The ring of power: we are seeing that on display even as this is written in Ukraine, where the frustrations of Russia’s Putin have finally boiled over into all-out war. Never mind that the man is the richest in the world and can have or do anything he wants in his vast nation. No – the desire for ever-increasing power never ends. This reflects the temptations of this world, where, if left unchecked, the ego comes to see itself as the center of the world and the arbiter of all things. So it was that the aristocrats of Europe’s past could throw away millions of lives of their lesser citizens; and so it is that the “lesser” citizens can, then and now, throw away the wisdom of the ancients. And so it was that the Ring in the trilogy, taken from the great and evil Mordor, came to ruin the poor everyman, Gollum, with its promise of power. This ring was to come into the possession of Frodo, another noble but humble everyman, whose job it was to destroy the ring in the cauldron of Mount Doom before the Evil One could regain it and shut out all the remaining light of the world.
In the culmination of the trilogy, Frodo does arrive at Mount Doom and is in the position to cast the ring into the pit – but he cannot do it. He, too, has succumbed to the power of the ring. It is only the power-lust of Gollum at the end that saves the world. He bites off the finger of Frodo that holds the ring, but falls into the cauldron in the process, along with the ring. Gollum, who was once a Hobbit like Frodo, might then be seen as the dark side of Frodo, who has allowed himself to be corrupted by the things of the Earth. This part of him, and in all of us, must die, as our bodies die, so that, with divine guidance, we might return from the dark pit, resurrected, to walk into the light.
Such it is that the myth manufactured by Tolkien is a cheat-sheet to the great God-given myth of Christianity. The ring of power tempts us all, in both big ways and small, as it stands for the driving force of our individual egos.
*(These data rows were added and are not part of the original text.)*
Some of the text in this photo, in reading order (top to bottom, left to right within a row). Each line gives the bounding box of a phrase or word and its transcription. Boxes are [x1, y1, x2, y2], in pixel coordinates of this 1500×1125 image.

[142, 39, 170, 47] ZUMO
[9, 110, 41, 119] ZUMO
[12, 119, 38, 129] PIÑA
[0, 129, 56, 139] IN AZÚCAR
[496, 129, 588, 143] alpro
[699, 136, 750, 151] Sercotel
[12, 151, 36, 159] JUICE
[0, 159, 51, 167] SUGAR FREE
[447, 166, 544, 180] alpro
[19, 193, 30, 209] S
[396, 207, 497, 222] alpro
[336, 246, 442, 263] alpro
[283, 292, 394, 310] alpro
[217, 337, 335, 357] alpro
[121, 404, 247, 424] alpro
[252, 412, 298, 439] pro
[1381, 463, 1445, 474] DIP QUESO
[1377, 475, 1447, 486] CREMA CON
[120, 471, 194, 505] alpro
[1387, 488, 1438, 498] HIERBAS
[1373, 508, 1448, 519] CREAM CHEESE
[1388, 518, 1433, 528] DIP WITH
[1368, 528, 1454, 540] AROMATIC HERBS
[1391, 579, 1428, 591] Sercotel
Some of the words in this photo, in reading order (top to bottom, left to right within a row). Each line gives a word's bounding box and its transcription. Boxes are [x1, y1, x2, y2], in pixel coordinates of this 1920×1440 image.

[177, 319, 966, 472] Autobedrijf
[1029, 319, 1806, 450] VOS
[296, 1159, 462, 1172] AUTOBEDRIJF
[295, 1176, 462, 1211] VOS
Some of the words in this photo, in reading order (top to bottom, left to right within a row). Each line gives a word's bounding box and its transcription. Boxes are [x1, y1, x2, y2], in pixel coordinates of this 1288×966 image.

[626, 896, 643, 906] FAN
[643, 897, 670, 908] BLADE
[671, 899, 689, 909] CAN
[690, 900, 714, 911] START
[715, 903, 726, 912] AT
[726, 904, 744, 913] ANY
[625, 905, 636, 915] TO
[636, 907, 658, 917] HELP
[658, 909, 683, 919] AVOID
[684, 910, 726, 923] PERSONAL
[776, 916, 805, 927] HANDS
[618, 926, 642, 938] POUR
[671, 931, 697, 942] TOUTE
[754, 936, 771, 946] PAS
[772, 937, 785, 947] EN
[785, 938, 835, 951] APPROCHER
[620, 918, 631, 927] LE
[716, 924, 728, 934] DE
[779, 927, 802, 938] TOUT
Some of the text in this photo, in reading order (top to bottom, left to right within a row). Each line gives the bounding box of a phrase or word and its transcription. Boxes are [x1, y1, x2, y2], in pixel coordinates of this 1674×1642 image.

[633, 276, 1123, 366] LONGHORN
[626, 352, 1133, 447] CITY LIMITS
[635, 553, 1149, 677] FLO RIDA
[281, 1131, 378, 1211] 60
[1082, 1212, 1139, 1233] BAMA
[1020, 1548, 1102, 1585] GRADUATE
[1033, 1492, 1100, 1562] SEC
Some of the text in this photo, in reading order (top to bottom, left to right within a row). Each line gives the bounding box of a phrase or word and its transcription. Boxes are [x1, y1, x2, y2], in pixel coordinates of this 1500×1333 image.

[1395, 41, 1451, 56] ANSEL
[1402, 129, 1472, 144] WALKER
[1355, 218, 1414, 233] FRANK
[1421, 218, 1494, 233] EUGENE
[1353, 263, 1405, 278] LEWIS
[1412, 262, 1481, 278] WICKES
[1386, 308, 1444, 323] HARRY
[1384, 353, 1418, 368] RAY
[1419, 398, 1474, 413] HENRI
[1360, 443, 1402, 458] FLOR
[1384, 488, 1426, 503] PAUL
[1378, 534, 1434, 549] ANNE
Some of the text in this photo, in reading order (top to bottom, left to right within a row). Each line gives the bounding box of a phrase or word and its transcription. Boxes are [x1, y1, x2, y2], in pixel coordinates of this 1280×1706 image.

We might tame this drive if we follow the moral laws set for us by religion and/or society, but in the end, we must finally fail and die – if we rely only on our own will-power. Ultimate defeat is what we find in the plurality of the world’s myths. In the J-C myth, however, God’s grace will come to save us if we have willed it to our greatest abilities. The intervention of Gollum, like the intervention of Judas Iscariot, is an inevitable evil that can and will be worked into the good by divine will. The failings of Peter, who denied Christ three times out of fear for himself, will be pardoned and made good by Grace, whose ultimate reality is seen in the historical presence and resurrection of Jesus Christ.
So it is that the saving of the world is left to the everyman within us, for each of us is indeed the center of his own salvation. In Tolkien’s view, every soldier he saw fight and often die on the battle field was his own world and carried within him his own weaknesses and greatness, the latter found in the giving of self for the sake of his comrades-in-arms. Our failings are due to our self-centeredness, but it is within the self, where we are the center of all things, where salvation is and must be found. Thus, each of us is the hero of his own myth. In view of both Tolkien and Lewis, which myth, and which ending we experience is up to us. We must either have the courage to give our faith to the one who fulfilled and exceeded Man’s greatest myths, or carry the burden of this world alone and fail at the mouth of the cauldron.